Activity:
Below are entries to return in full. Keep each one exact.

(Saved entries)
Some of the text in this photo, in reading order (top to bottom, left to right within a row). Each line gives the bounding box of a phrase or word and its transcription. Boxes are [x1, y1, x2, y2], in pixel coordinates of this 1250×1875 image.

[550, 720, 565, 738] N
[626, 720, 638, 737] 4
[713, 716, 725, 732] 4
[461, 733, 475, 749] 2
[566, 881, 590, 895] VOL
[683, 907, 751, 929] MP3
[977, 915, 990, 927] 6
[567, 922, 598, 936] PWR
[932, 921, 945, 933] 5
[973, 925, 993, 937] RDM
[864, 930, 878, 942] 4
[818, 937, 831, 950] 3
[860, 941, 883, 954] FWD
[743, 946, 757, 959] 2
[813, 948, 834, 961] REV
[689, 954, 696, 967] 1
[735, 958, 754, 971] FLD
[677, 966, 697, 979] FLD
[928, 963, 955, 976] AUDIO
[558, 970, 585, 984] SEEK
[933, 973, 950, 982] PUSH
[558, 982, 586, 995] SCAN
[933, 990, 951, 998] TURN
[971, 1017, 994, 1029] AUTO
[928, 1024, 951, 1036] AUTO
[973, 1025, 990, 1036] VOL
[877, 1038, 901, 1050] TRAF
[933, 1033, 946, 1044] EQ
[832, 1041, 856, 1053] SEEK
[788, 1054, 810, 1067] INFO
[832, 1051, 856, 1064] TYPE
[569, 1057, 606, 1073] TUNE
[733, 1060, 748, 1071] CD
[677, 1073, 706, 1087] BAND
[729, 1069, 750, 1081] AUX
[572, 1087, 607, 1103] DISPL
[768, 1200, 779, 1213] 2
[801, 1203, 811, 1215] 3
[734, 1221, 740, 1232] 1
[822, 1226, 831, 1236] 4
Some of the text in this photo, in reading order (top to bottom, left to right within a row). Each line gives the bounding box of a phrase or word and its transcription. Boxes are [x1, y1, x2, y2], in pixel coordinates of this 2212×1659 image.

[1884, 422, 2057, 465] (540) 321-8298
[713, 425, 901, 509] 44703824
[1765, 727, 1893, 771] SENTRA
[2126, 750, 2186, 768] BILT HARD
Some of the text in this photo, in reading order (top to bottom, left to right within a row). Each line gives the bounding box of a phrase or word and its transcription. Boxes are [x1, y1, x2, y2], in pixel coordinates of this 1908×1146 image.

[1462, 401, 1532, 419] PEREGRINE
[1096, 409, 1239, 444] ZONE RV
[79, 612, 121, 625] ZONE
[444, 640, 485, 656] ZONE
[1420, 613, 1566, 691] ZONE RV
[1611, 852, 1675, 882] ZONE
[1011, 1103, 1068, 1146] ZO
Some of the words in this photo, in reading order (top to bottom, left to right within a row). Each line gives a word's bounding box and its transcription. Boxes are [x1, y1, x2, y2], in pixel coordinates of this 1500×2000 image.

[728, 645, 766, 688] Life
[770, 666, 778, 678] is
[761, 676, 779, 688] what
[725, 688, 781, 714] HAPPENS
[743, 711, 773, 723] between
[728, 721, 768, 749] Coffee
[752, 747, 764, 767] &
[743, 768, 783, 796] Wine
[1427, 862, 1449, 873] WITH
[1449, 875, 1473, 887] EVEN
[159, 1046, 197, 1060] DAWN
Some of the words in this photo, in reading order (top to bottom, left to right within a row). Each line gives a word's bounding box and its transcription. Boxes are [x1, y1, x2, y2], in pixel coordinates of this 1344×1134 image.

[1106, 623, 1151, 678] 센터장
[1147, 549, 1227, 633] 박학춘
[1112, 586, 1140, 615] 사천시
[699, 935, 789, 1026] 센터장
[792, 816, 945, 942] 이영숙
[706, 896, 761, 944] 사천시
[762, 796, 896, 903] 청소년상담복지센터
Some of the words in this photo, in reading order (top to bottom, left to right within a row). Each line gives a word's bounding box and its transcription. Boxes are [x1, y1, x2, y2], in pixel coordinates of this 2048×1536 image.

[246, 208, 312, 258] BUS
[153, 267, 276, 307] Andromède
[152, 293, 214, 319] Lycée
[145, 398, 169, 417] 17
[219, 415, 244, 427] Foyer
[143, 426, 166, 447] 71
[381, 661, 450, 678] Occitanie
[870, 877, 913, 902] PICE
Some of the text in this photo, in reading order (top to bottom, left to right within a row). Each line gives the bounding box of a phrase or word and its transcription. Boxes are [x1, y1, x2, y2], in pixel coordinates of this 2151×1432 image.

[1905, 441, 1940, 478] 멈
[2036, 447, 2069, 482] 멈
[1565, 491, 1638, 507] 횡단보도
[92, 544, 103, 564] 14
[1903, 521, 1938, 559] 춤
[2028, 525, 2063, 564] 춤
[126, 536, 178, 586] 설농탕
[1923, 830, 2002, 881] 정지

Answer section:
Some of the text in this photo, in reading order (top to bottom, left to right within a row). Each line gives the bounding box of a phrase or word and its transcription. Boxes are [x1, y1, x2, y2], in pixel coordinates of this 1250×1875 image.

[550, 720, 565, 738] N
[626, 720, 638, 737] 4
[713, 716, 725, 732] 4
[461, 733, 475, 749] 2
[566, 881, 590, 895] VOL
[683, 907, 751, 929] MP3
[977, 915, 990, 927] 6
[567, 922, 598, 936] PWR
[932, 921, 945, 933] 5
[973, 925, 993, 937] RDM
[864, 930, 878, 942] 4
[818, 937, 831, 950] 3
[860, 941, 883, 954] FWD
[743, 946, 757, 959] 2
[813, 948, 834, 961] REV
[689, 954, 696, 967] 1
[735, 958, 754, 971] FLD
[677, 966, 697, 979] FLD
[928, 963, 955, 976] AUDIO
[558, 970, 585, 984] SEEK
[933, 973, 950, 982] PUSH
[558, 982, 586, 995] SCAN
[933, 990, 951, 998] TURN
[971, 1017, 994, 1029] AUTO
[928, 1024, 951, 1036] AUTO
[973, 1025, 990, 1036] VOL
[877, 1038, 901, 1050] TRAF
[933, 1033, 946, 1044] EQ
[832, 1041, 856, 1053] SEEK
[788, 1054, 810, 1067] INFO
[832, 1051, 856, 1064] TYPE
[569, 1057, 606, 1073] TUNE
[733, 1060, 748, 1071] CD
[677, 1073, 706, 1087] BAND
[729, 1069, 750, 1081] AUX
[572, 1087, 607, 1103] DISPL
[768, 1200, 779, 1213] 2
[801, 1203, 811, 1215] 3
[734, 1221, 740, 1232] 1
[822, 1226, 831, 1236] 4
Some of the text in this photo, in reading order (top to bottom, left to right within a row). Each line gives the bounding box of a phrase or word and its transcription. Boxes are [x1, y1, x2, y2], in pixel coordinates of this 2212×1659 image.

[1884, 422, 2057, 465] (540) 321-8298
[713, 425, 901, 509] 44703824
[1765, 727, 1893, 771] SENTRA
[2126, 750, 2186, 768] BILT HARD
Some of the text in this photo, in reading order (top to bottom, left to right within a row). Each line gives the bounding box of a phrase or word and its transcription. Boxes are [x1, y1, x2, y2], in pixel coordinates of this 1908×1146 image.

[1462, 401, 1532, 419] PEREGRINE
[1096, 409, 1239, 444] ZONE RV
[79, 612, 121, 625] ZONE
[444, 640, 485, 656] ZONE
[1420, 613, 1566, 691] ZONE RV
[1611, 852, 1675, 882] ZONE
[1011, 1103, 1068, 1146] ZO
Some of the words in this photo, in reading order (top to bottom, left to right within a row). Each line gives a word's bounding box and its transcription. Boxes are [x1, y1, x2, y2], in pixel coordinates of this 1500×2000 image.

[728, 645, 766, 688] Life
[770, 666, 778, 678] is
[761, 676, 779, 688] what
[725, 688, 781, 714] HAPPENS
[743, 711, 773, 723] between
[728, 721, 768, 749] Coffee
[752, 747, 764, 767] &
[743, 768, 783, 796] Wine
[1427, 862, 1449, 873] WITH
[1449, 875, 1473, 887] EVEN
[159, 1046, 197, 1060] DAWN
Some of the words in this photo, in reading order (top to bottom, left to right within a row). Each line gives a word's bounding box and its transcription. Boxes are [x1, y1, x2, y2], in pixel coordinates of this 1344×1134 image.

[1106, 623, 1151, 678] 센터장
[1147, 549, 1227, 633] 박학춘
[1112, 586, 1140, 615] 사천시
[699, 935, 789, 1026] 센터장
[792, 816, 945, 942] 이영숙
[706, 896, 761, 944] 사천시
[762, 796, 896, 903] 청소년상담복지센터
Some of the words in this photo, in reading order (top to bottom, left to right within a row). Each line gives a word's bounding box and its transcription. Boxes are [x1, y1, x2, y2], in pixel coordinates of this 2048×1536 image.

[246, 208, 312, 258] BUS
[153, 267, 276, 307] Andromède
[152, 293, 214, 319] Lycée
[145, 398, 169, 417] 17
[219, 415, 244, 427] Foyer
[143, 426, 166, 447] 71
[381, 661, 450, 678] Occitanie
[870, 877, 913, 902] PICE
Some of the text in this photo, in reading order (top to bottom, left to right within a row). Each line gives the bounding box of a phrase or word and its transcription. Boxes are [x1, y1, x2, y2], in pixel coordinates of this 2151×1432 image.

[1905, 441, 1940, 478] 멈
[2036, 447, 2069, 482] 멈
[1565, 491, 1638, 507] 횡단보도
[92, 544, 103, 564] 14
[1903, 521, 1938, 559] 춤
[2028, 525, 2063, 564] 춤
[126, 536, 178, 586] 설농탕
[1923, 830, 2002, 881] 정지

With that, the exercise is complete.